Lega Pro girone C ottava giornata il Crotone torna al successo casalingo contro il Picerno con i gol di Zunno, Gomez, Murano

Crotone 3
Picerno 0

Marcatori: 29° Zunno, 40° Gomez, 75° Murano (R)

Crotone (4-2-3-1): Merelli, Andreoni, Berra, Di Pasquale (Cocetta), Guerra, Gallo (Piovanello), Vinicius, Zunno, Gomez (Perlingeri), Maggio (Stronati), Murano. All. Longo

Picerno (4-2-3-1): Summa, Salvo, Frison, Granata, Pistolesi, Maselli, Bianchi (Marino), Bocic (Cardoni), Energe, E. Esposito (Santarcangelo), Abreu (Santaniello). All.

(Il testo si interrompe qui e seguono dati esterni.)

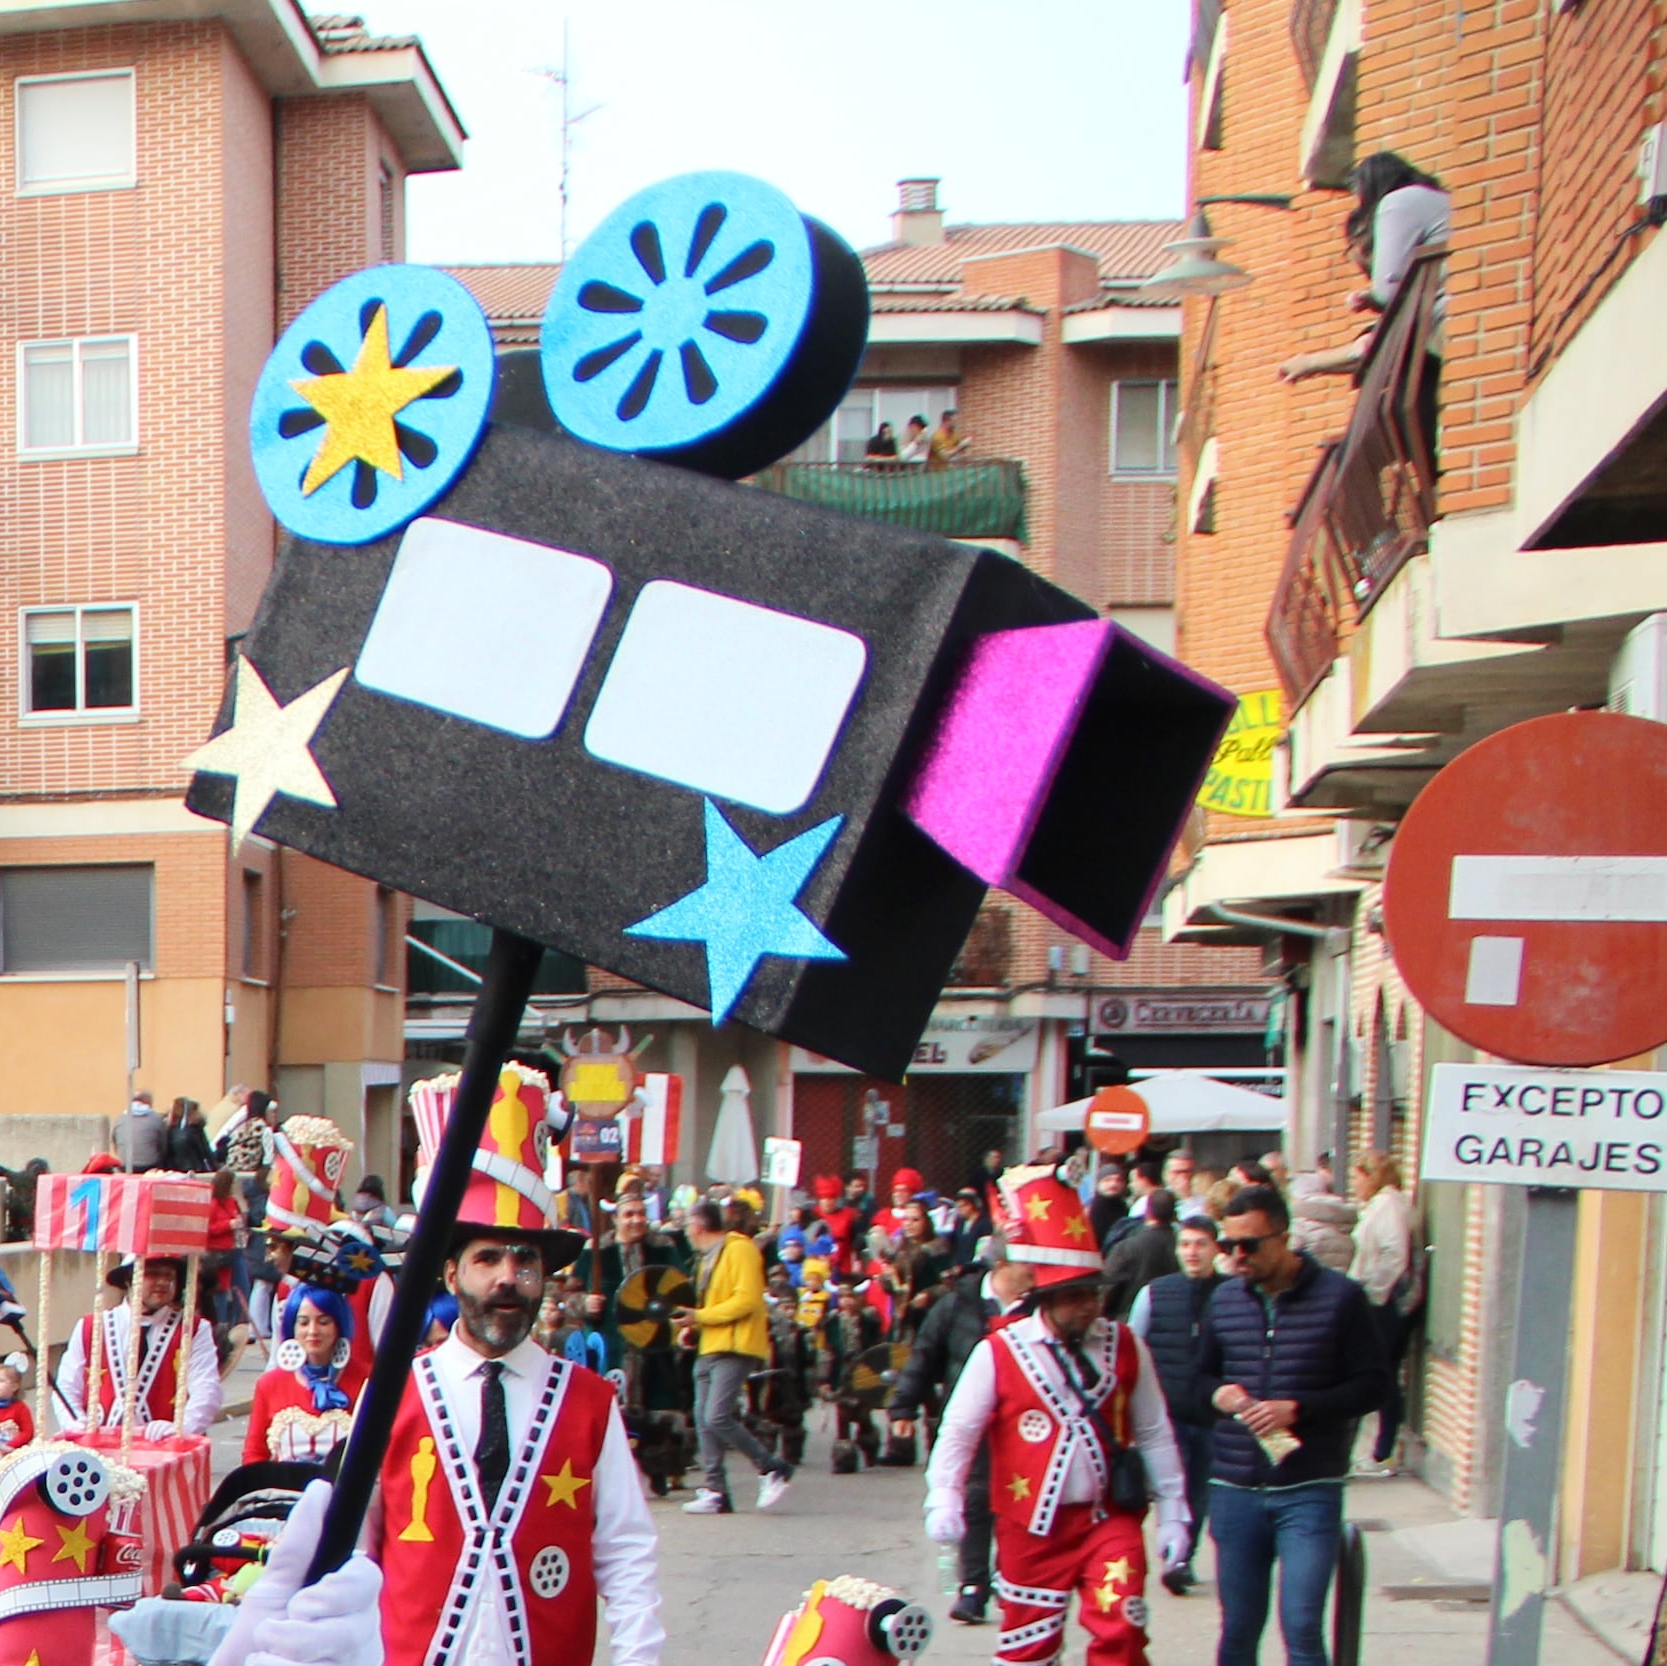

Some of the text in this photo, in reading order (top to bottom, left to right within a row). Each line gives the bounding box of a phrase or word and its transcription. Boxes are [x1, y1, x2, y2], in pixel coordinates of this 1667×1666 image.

[599, 1127, 619, 1143] 02
[1454, 1134, 1662, 1175] GARAJES
[70, 1178, 101, 1251] 1

De Luca

Arbitro: Alfredo Iannello di Messina
Ass. Pierpaolo Vitale (Salerno)-Cristian Robilotta (Sala Consilina)
Quarto giudice a bordo campo: Domenico Mirabella di Napoli
Operatore FVS: Rodolfo Spataro di Rossano
Ammoniti: Gomez
Angoli: 5 a 1 per il
Recupero: 2 e 5 minuti

Mister Longo nel post partita:
“Abbiamo disputato una buona partita contro una squadra bene organizzata. Nella prima parte siamo stati pazienti per capire il loro atteggiamento. Nei minuti successivi abbiamo alzato il baricentro e gestito a nostro favore l’incontro”.
Non sempre è domenica e non sempre tutte le giornate sono uguali ed a soffrire sono sempre gli stessi. Il doppio turno casalingo del Crotone va in archivio tra errori arbitrali che hanno determinato la precedente sconfitta contro la Casertana, e il successo ultimo contro il Picerno per esclusivo merito dei pitagorici.
Al netto di qualche appoggio errato a centrocampo e qualche titubanza in alcune conclusioni a rete, gli uomini di mister Longo la vittoria l’hanno costruita con il trascorrere dei minuti evidenziando la giusta rabbia ed un attento approccio nel controllo degli avversari.
Tre punti importanti per la delusione della squadra ospite entrata sul terreno dell’Ezio Scida convinta di rientrare negli spogliatoi imbattuta come il precedente campionato. Ma, come già detto, ogni partita ha una propria storia e si scrive al termine dei novanta minuti più recupero. Assenti per squalifica il difensore Cargnelutti e il trequartista Sandri, il tecnico Longo li ha sostituiti rispettivamente con Guerra e Gallo. Altro cambio per motivo tecnico ha riguardato il ritorno di Andreoni al posto di Leo.
Ospiti senza lo squalificato Pugliese, Maselli per Marino e Energe per Santarcangelo. Calcio d’avvio da parte del Crotone che non concede agli avversari libertà di manovre contrapponendo un centrocampo in grado di impostare buone giocate con Gallo e Vinicius. Le ripartenze affidate a Andreoni sulla fascia destra e Guerra sulla fascia sinistra in contrapposizione rispettivamente con Zunno e Maggio. Unico assente nel Crotone nei primi ventotto minuti il tiro in porta. Ne Gomez schierato metronomo d’attacco, ne Murano prima punta impegnano il portiere avversario. Cambia ancora volto la partita un minuto dopo quando al ventinovesimo Zunno porta in vantaggio lo squalo mettendo dentro il pallone da fuori area con un perfetto rasoterra. Tra le fila del Crotone c’è il goleador del girone che al quarantesimo minuto si ricorda di essere tale e raddoppia il risultato (settimo gol stagionale) dopo l’assist di Gallo. Il doppio svantaggio consiglia mister De Luca ad effettuare un altro cambio ad inizio ripresa. Fuori il centrocampista Esposito, dentro l’attaccante Santarcangelo. È il Crotone che continua ad avere il boccino delle giocate con Maggio a sinistra, Zunno a destra e con Gomez che impensierisce il portiere avversario con tiri da fuori area. Il Picerno ci prova ad accorciare le distanze approfittando del calo fisico del Crotone a centrocampo dove Gallo risente del tanto lavoro fatto nel primo tempo. Sostituito da
Piovanello e in campo anche Perlingeri per Gomez, il Crotone trova il terzo gol su calcio di rigore (non avveniva dalla passata stagione a Latina) per fallo su Vinicius da parte di Maselli. Dal dischetto batte Murano e insacca il pallone. Se pur ampiamente sconfitto, complimenti al Picerno per avere giocato la partita a viso aperto senza cercare di speculare con un atteggiamento ostruzionistico.